His deputy ambassador to the United Nations, Dmitri Polianski, accused "the United States of having decided to force a vote on the text" and considered it "unacceptable that the Security Council sanctions be used as punitive measures. 

Similarly, the representative of China, Geng Shuang, abstained because these "sanctions are outdated and should be lifted in light of the improvement of conditions on the ground" in Darfur.

Sudan is under a series of sanctions and an arms embargo imposed in 2005 by the UN during the conflict in Darfur, in the west.

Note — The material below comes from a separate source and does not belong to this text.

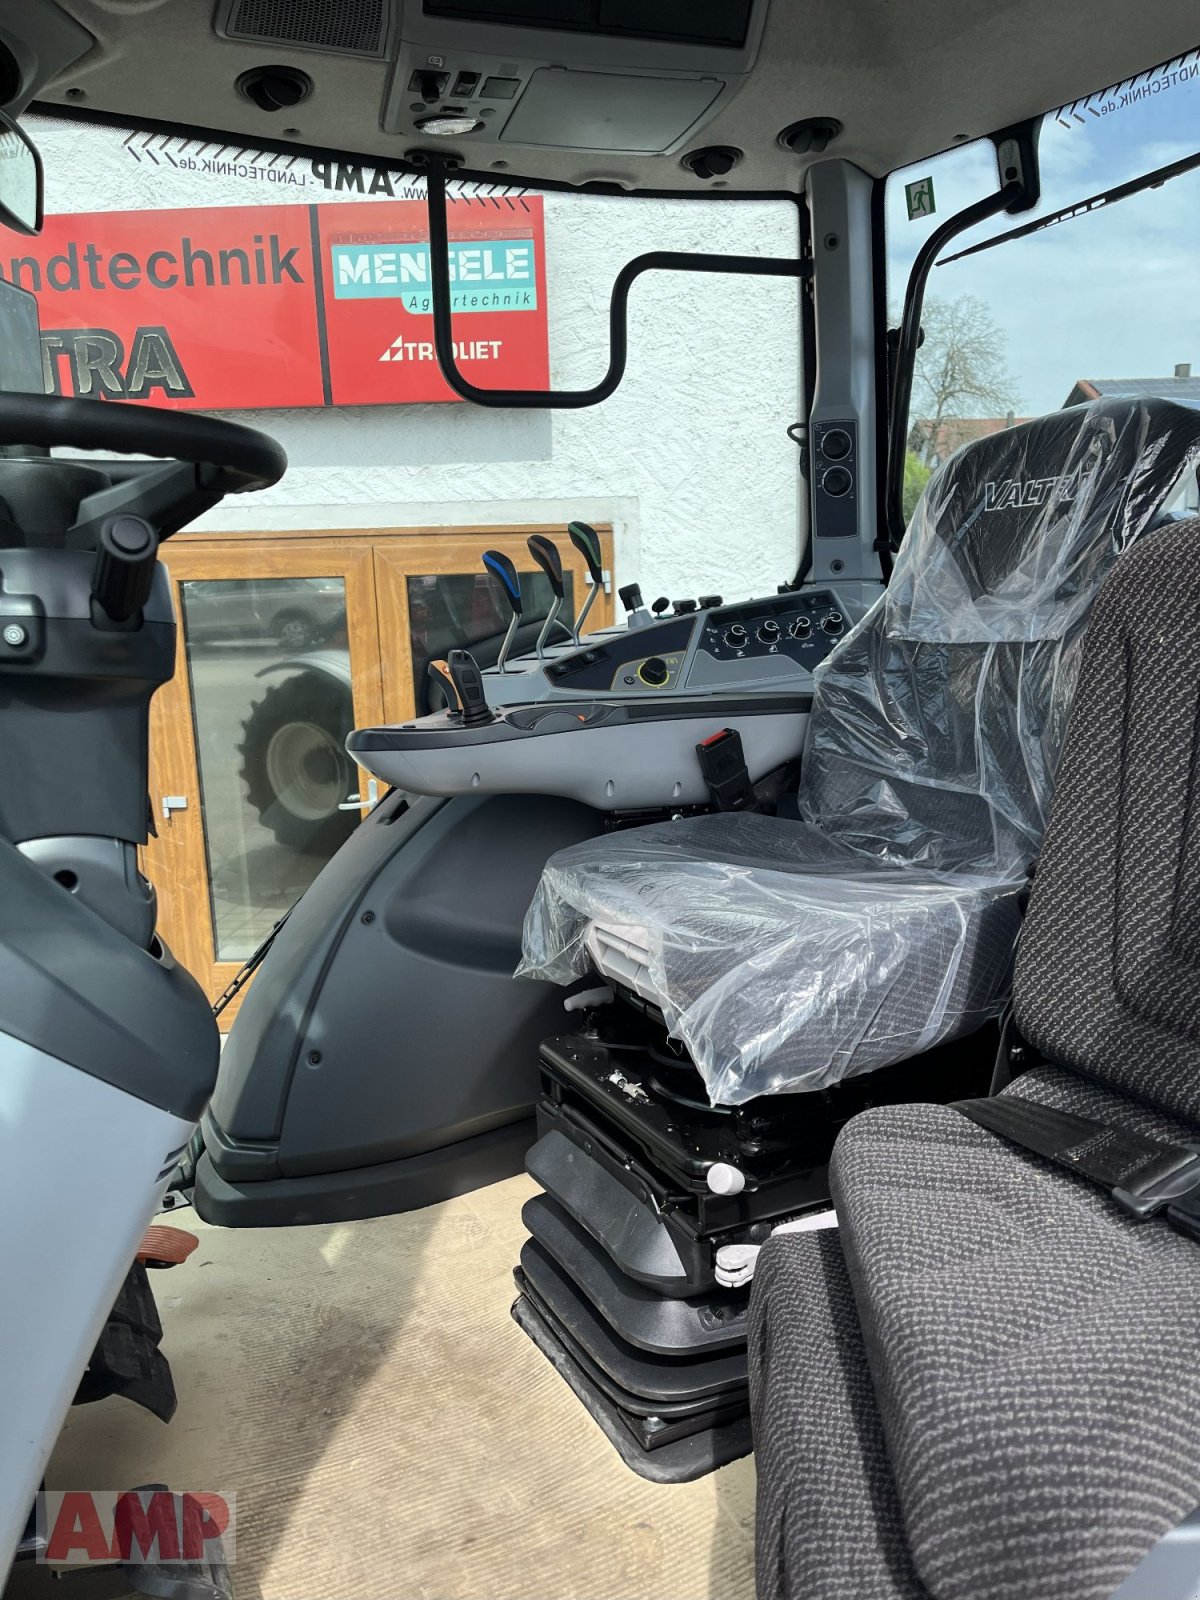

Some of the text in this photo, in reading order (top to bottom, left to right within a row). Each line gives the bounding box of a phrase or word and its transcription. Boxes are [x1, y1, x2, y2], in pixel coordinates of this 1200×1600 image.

[0, 234, 304, 292] ndtechnik
[409, 292, 531, 311] Agrtechnik
[404, 341, 503, 361] TRLIET

The economy of this large East African country, one of the world's poorest, has been rendered bloodless by years of U.S. economic sanctions under Omar al-Bashir.

The post-Bashir democratic transition offered hope: in 2020, Washington removed Sudan from its list of state sponsors of terrorism and international aid returned -- $2 billion annually.

But the October 25, 2021 coup led by army chief General Abdel Fattah el-Burhane interrupted that transition and the flow of aid, which will only resume if civilians regain power, donors warn.